===== Records supplied

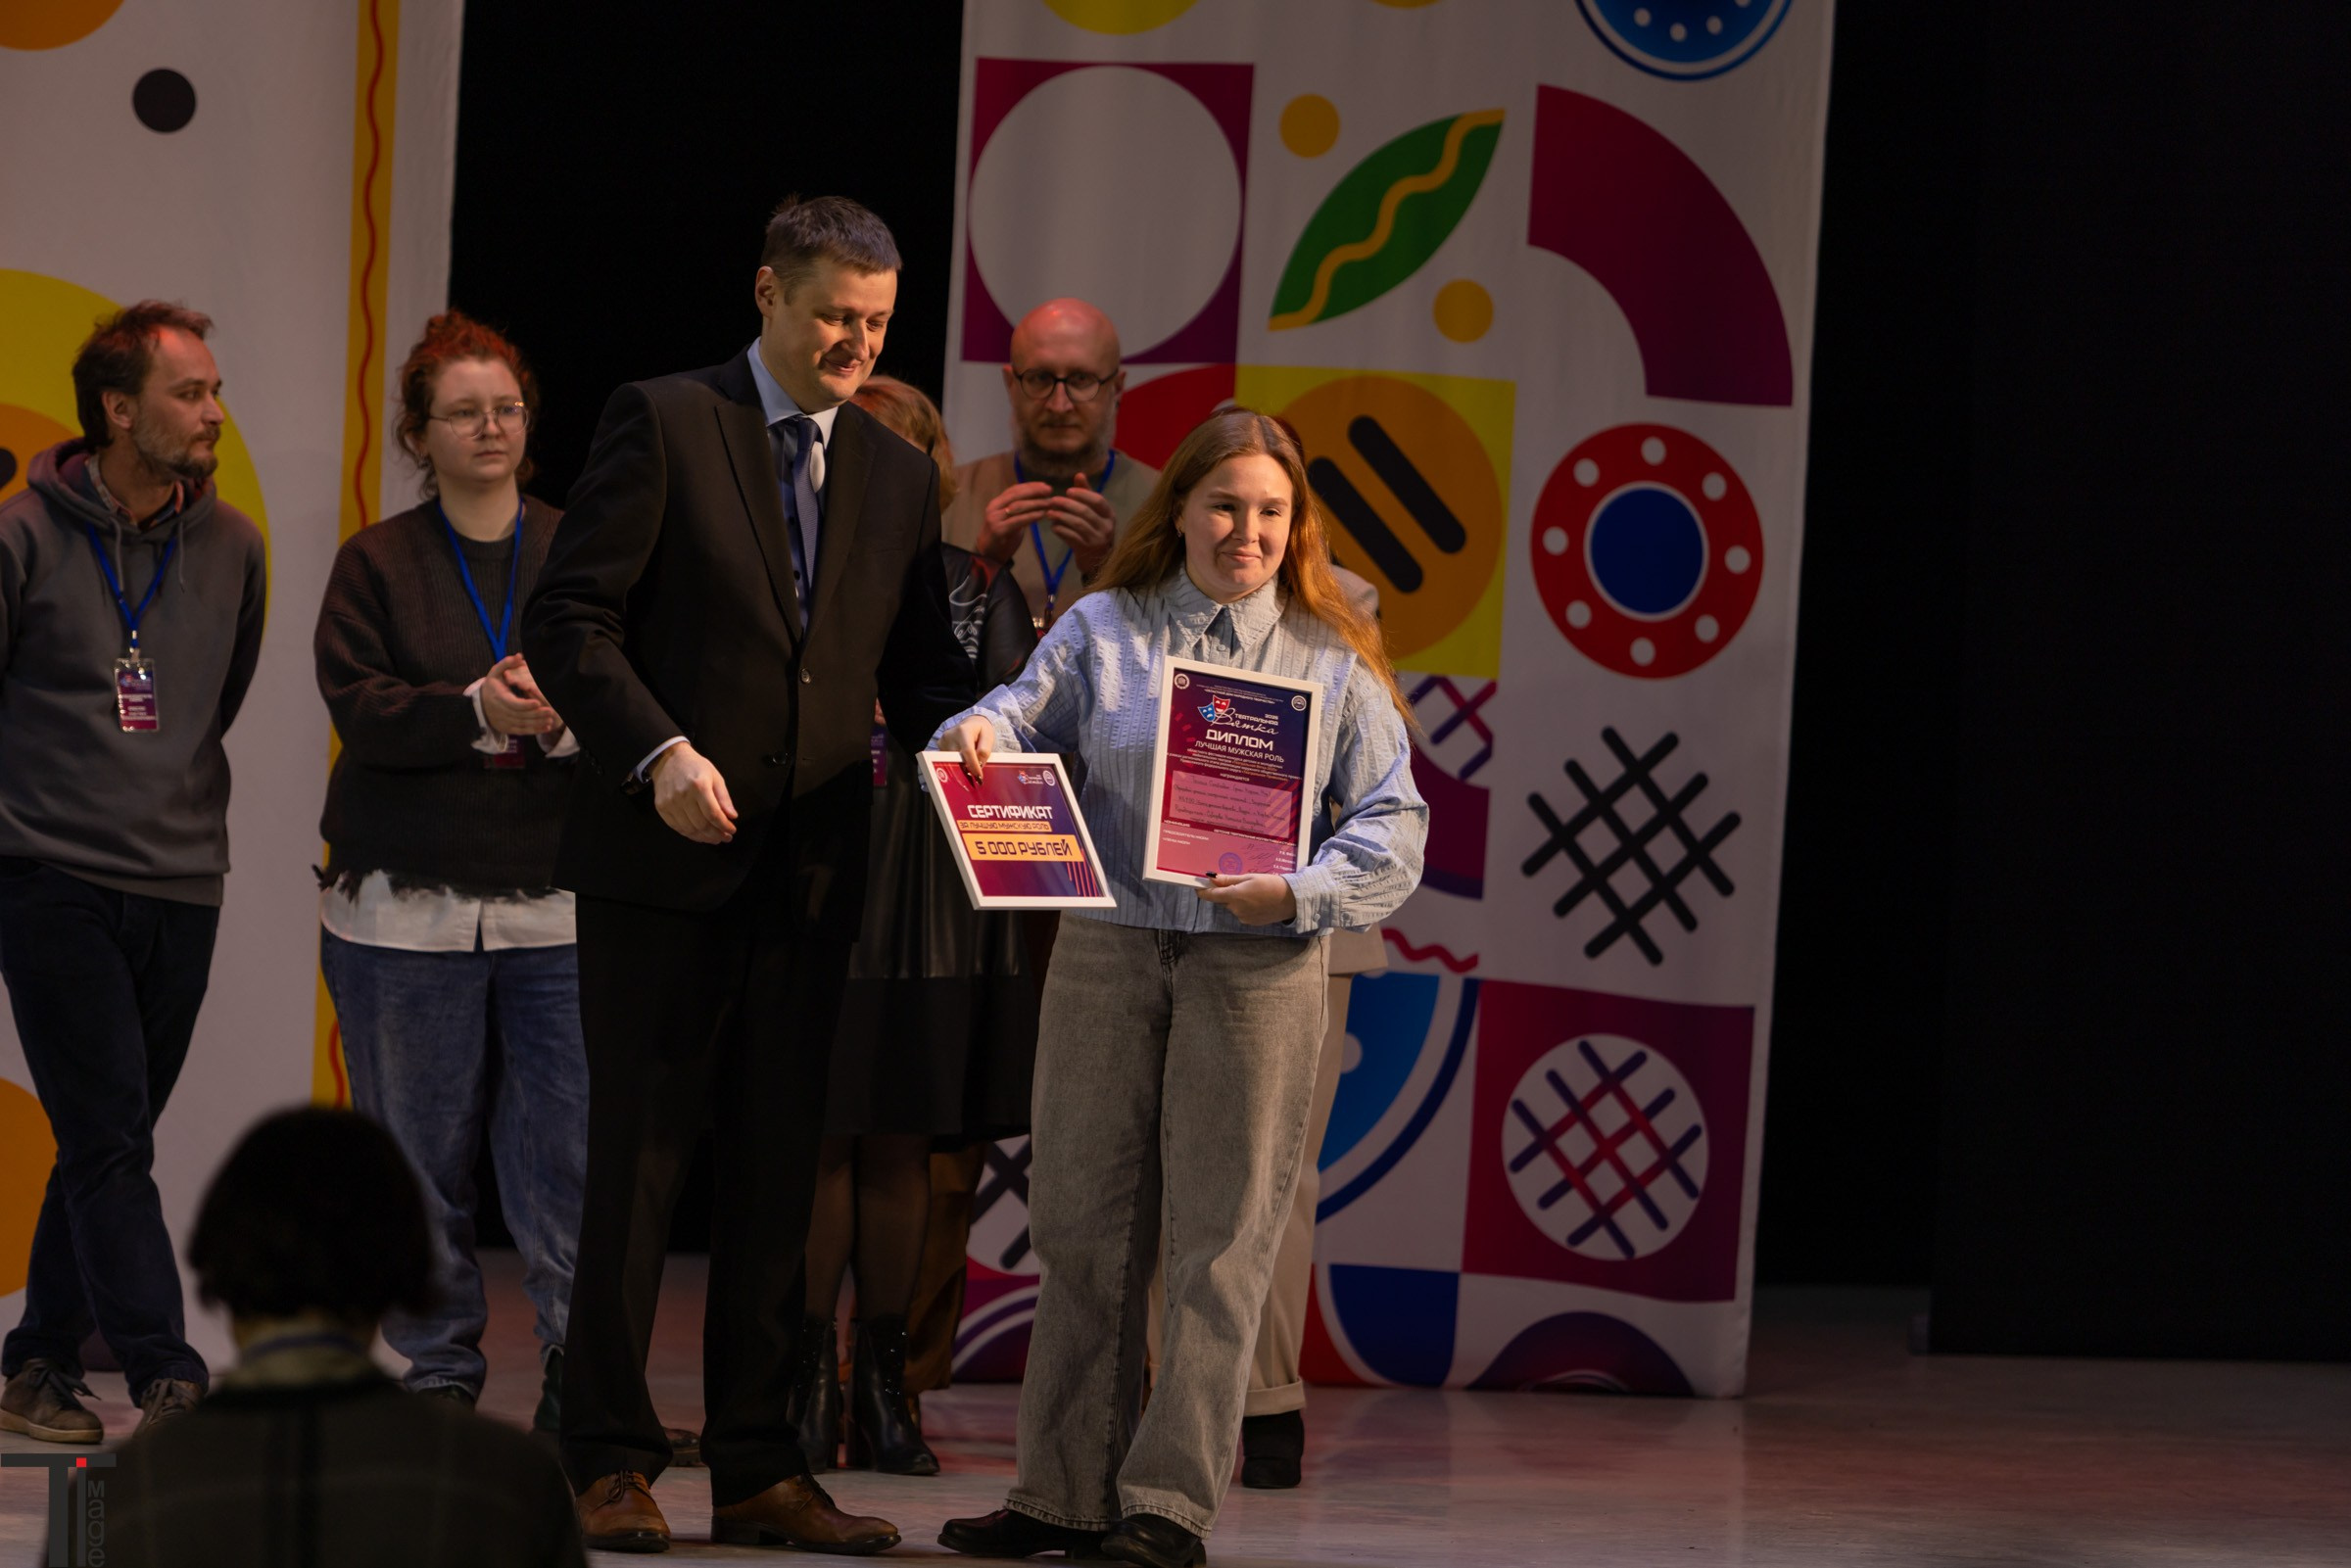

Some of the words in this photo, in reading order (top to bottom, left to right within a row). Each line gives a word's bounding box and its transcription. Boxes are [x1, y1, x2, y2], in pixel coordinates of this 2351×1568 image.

[1211, 708, 1279, 735] Вятка
[1235, 713, 1278, 726] ТЕАТРАЛЬНАЯ
[1205, 730, 1273, 751] ДИПЛОМ
[1195, 741, 1227, 752] ЛУЧШАЯ
[1228, 747, 1263, 759] МУЖСКАЯ
[1264, 754, 1284, 763] РОЛЬ
[967, 805, 1053, 819] СЕРТИФИКАТ
[975, 842, 986, 855] 5
[989, 842, 1016, 855] 000
[1018, 839, 1073, 856] РУБЛЕЙ

==========

◆ Instructions to follow ◆
The entries above should be retyped word for word, with all pictures omitted.

◆ Completed task ◆
Some of the words in this photo, in reading order (top to bottom, left to right within a row). Each line gives a word's bounding box and its transcription. Boxes are [x1, y1, x2, y2], in pixel coordinates of this 2351×1568 image.

[1211, 708, 1279, 735] Вятка
[1235, 713, 1278, 726] ТЕАТРАЛЬНАЯ
[1205, 730, 1273, 751] ДИПЛОМ
[1195, 741, 1227, 752] ЛУЧШАЯ
[1228, 747, 1263, 759] МУЖСКАЯ
[1264, 754, 1284, 763] РОЛЬ
[967, 805, 1053, 819] СЕРТИФИКАТ
[975, 842, 986, 855] 5
[989, 842, 1016, 855] 000
[1018, 839, 1073, 856] РУБЛЕЙ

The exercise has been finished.